Chimeric antigen receptors, or CARs, are synthetic proteins that can re-direct T cells to robustly target and kill cancer cells. Early clinical trials revealed impressive results in the treatment of B cell leukemia and lymphoma, representing a breakthrough in the treatment of these diseases with historically poor outcomes. Despite promising early results, long-term follow-up has revealed that many patients will not respond to these therapies, and that many who do respond will ultimately relapse.
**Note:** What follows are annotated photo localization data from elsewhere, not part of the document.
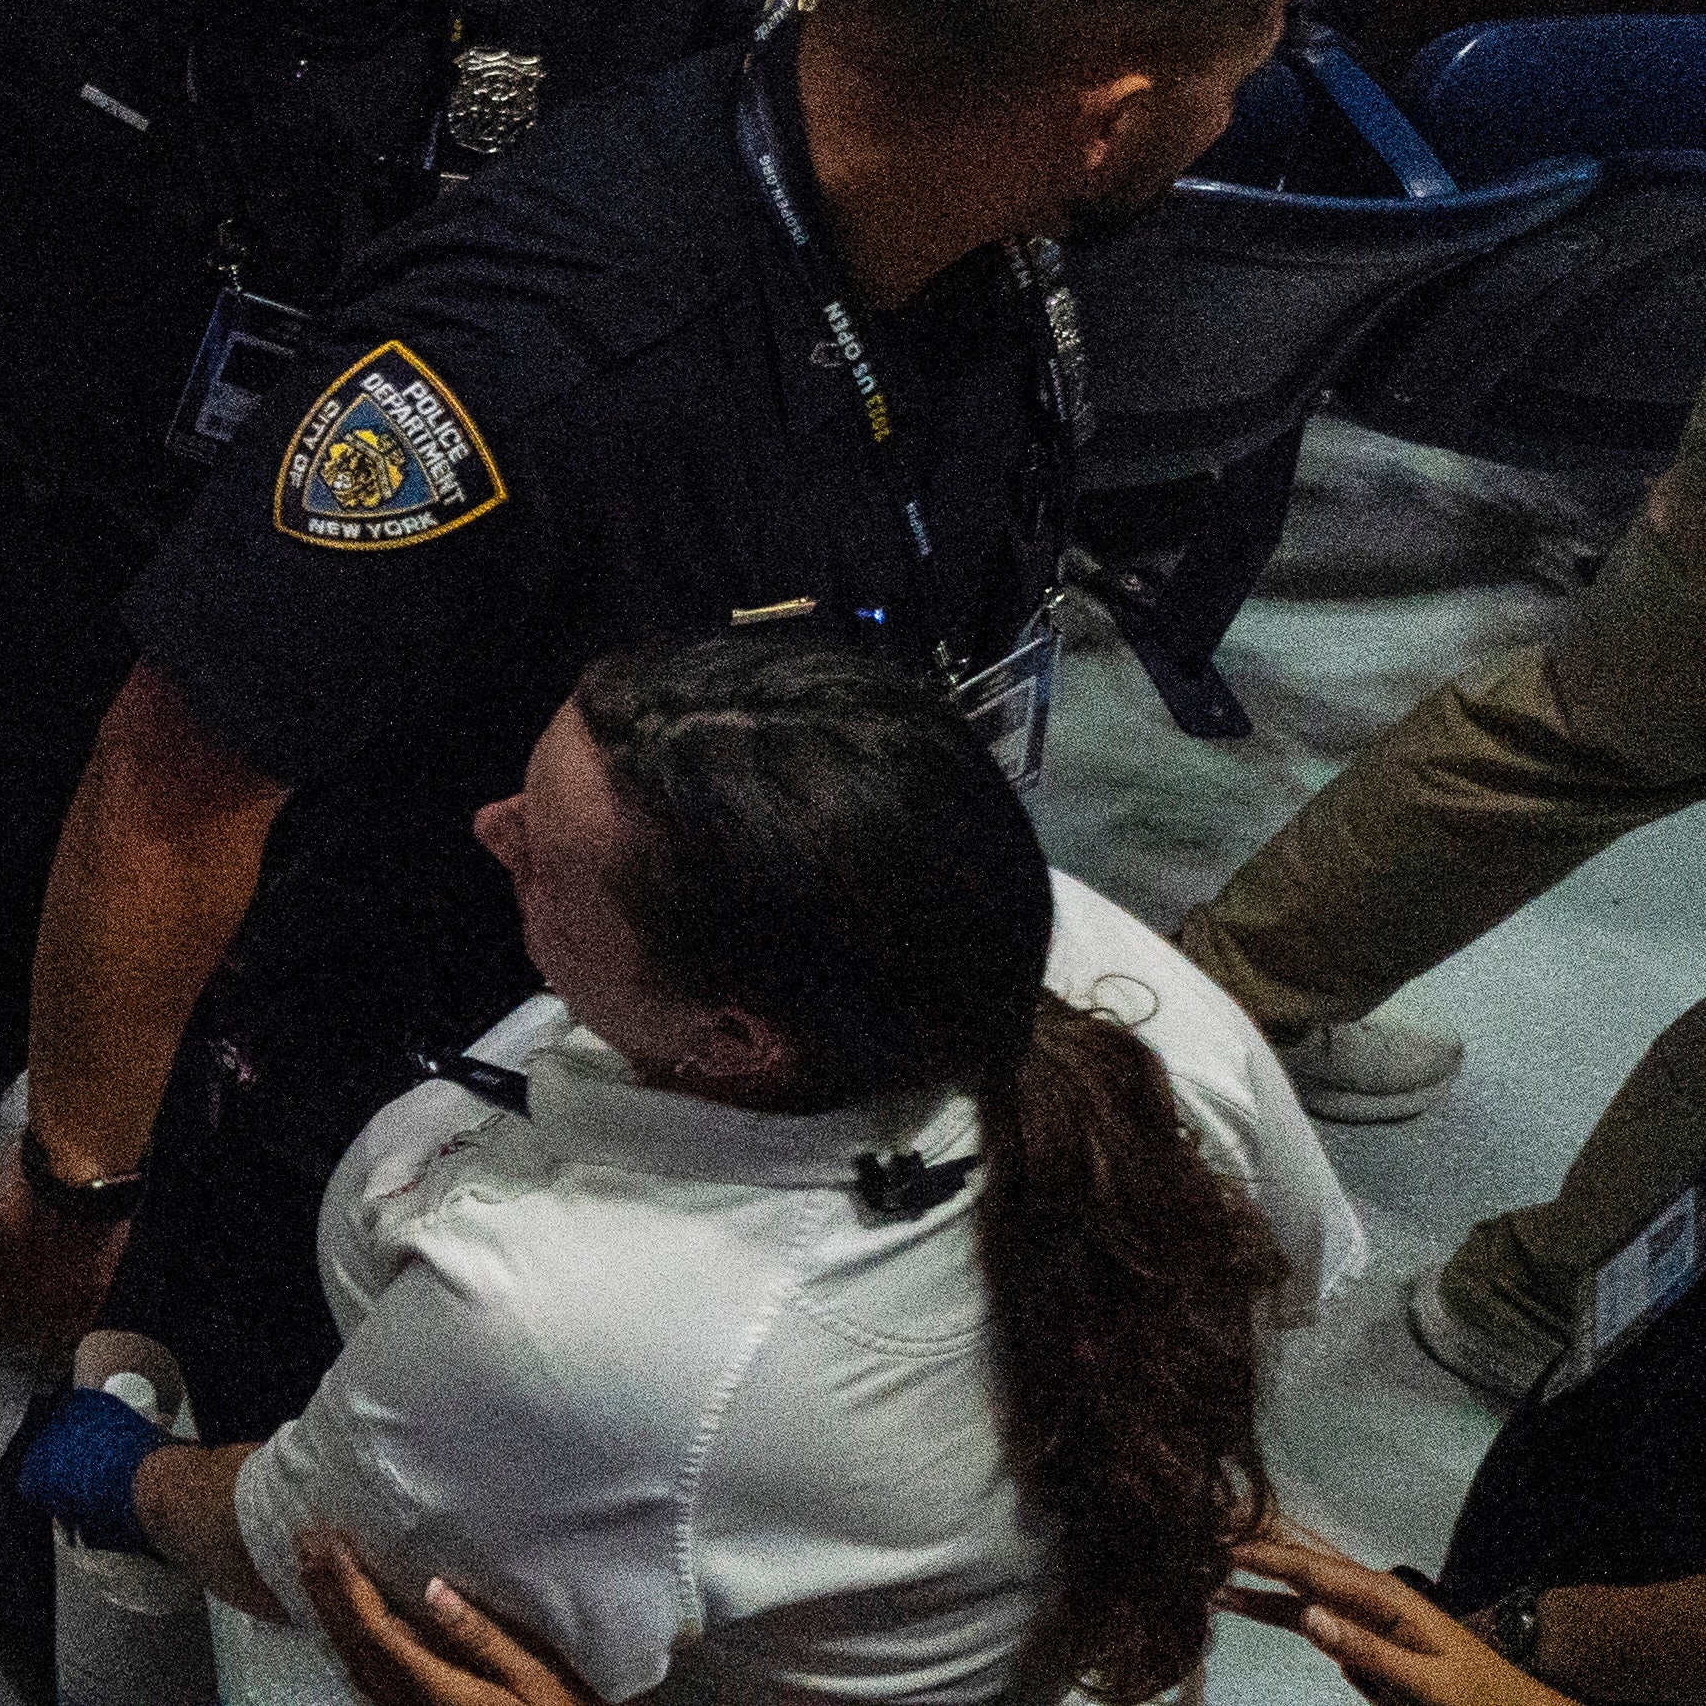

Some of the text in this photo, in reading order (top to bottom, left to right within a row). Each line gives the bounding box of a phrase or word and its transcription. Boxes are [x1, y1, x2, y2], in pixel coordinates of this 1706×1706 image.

[823, 300, 863, 362] OPEN
[851, 361, 877, 395] US
[288, 399, 341, 488] CITY OF
[360, 371, 467, 507] DEPARTMENT
[400, 379, 470, 464] POLICE
[307, 510, 440, 539] NEW YORK
The Singh Lab recently discovered that, under certain conditions, CARs can cause T cells to fail, instead of directing them to kill cancer cells. Using a variety of classical and novel techniques, we aim to understand how CARs in some cases drive effective T cell function against cancer, and in others lead to the development of T cell dysfunction that prevents successful anti-cancer activity. From basic receptor biochemistry and signaling to epigenetic imprinting, we hope to develop a blueprint of how these synthetic receptors direct T cell molecular programming.
Using knowledge of these essential pathways, we will use novel genome engineering techniques to overcome detrimental cellular circuitry and develop enhanced, “intelligent” cellular therapies for cancer that are more effective, more durable and yield more long-term remissions for patients with cancer.
Research centers on understanding how CARs direct T cell molecular programming to either promote or inhibit successful anti-cancer function. This work is based on understanding which intracellular signaling pathways are activated by CARs (and how “strongly” they are activated) as well as on how these pathways instruct cellular activity in the form of protein activation, gene transcription and epigenetic regulation.
Currently, two types of CARs have entered clinical practice: those engineered with a CD28 co-stimulatory domain, and those with a 41BB co-stimulatory domain. We have made several observations that reveal fundamental differences in the T cell biology driven by these different CARs. Using advanced molecular techniques, including phospho-enriched mass spectrometry, single-cell sequencing and CRISPR-based genome engineering, we are investigating how these two CARs can control effective T cell function against cancer, or alternatively drive the development of T cell dysfunction that leads to therapeutic failure.